About this task: Output the data below exactly as it is, dropping the pictures from your copy.

Provided information Start Marker

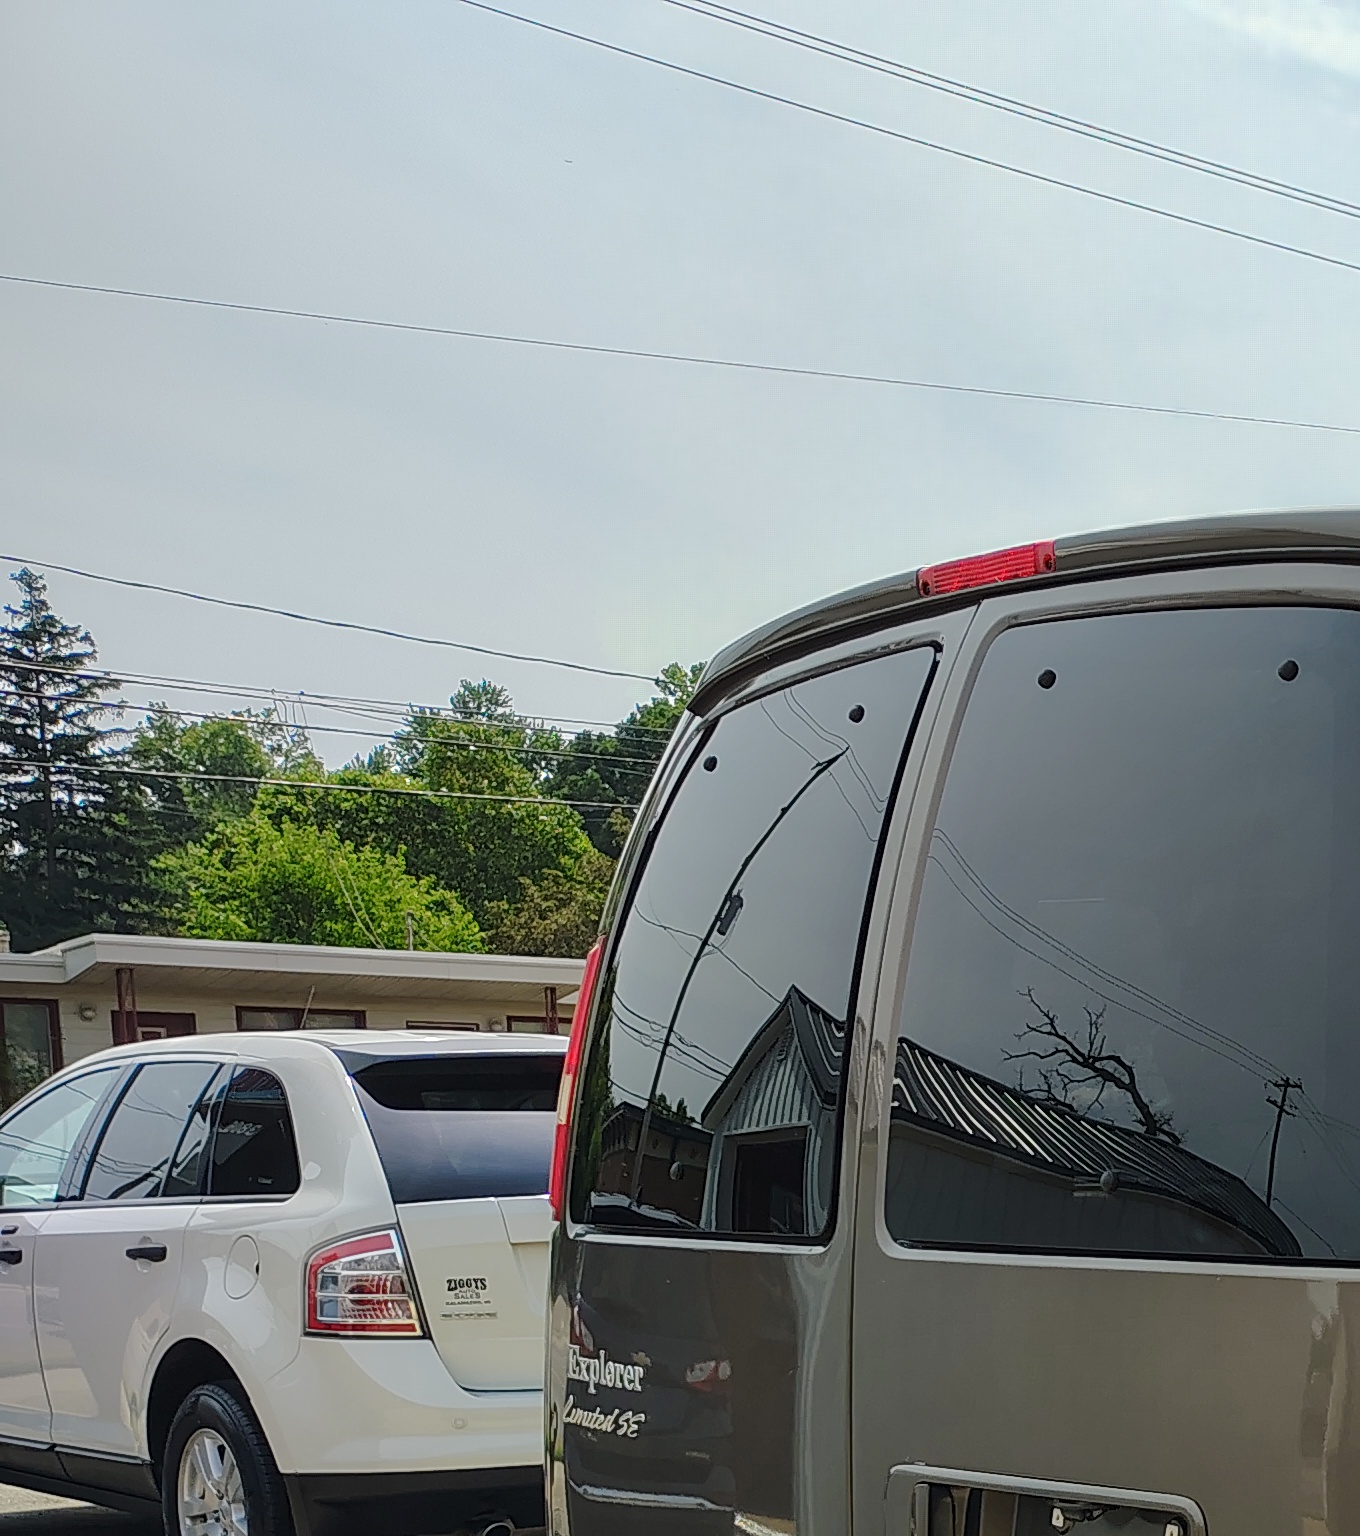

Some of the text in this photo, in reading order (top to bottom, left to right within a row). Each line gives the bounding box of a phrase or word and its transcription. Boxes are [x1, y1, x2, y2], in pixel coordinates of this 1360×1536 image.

[446, 1278, 487, 1291] ZIGGYS
[567, 1344, 643, 1394] Explorer
[563, 1394, 619, 1432] Limited
[617, 1411, 646, 1437] SE

Provided information End Marker

Answer to the problem:
Some of the text in this photo, in reading order (top to bottom, left to right within a row). Each line gives the bounding box of a phrase or word and its transcription. Boxes are [x1, y1, x2, y2], in pixel coordinates of this 1360×1536 image.

[446, 1278, 487, 1291] ZIGGYS
[567, 1344, 643, 1394] Explorer
[563, 1394, 619, 1432] Limited
[617, 1411, 646, 1437] SE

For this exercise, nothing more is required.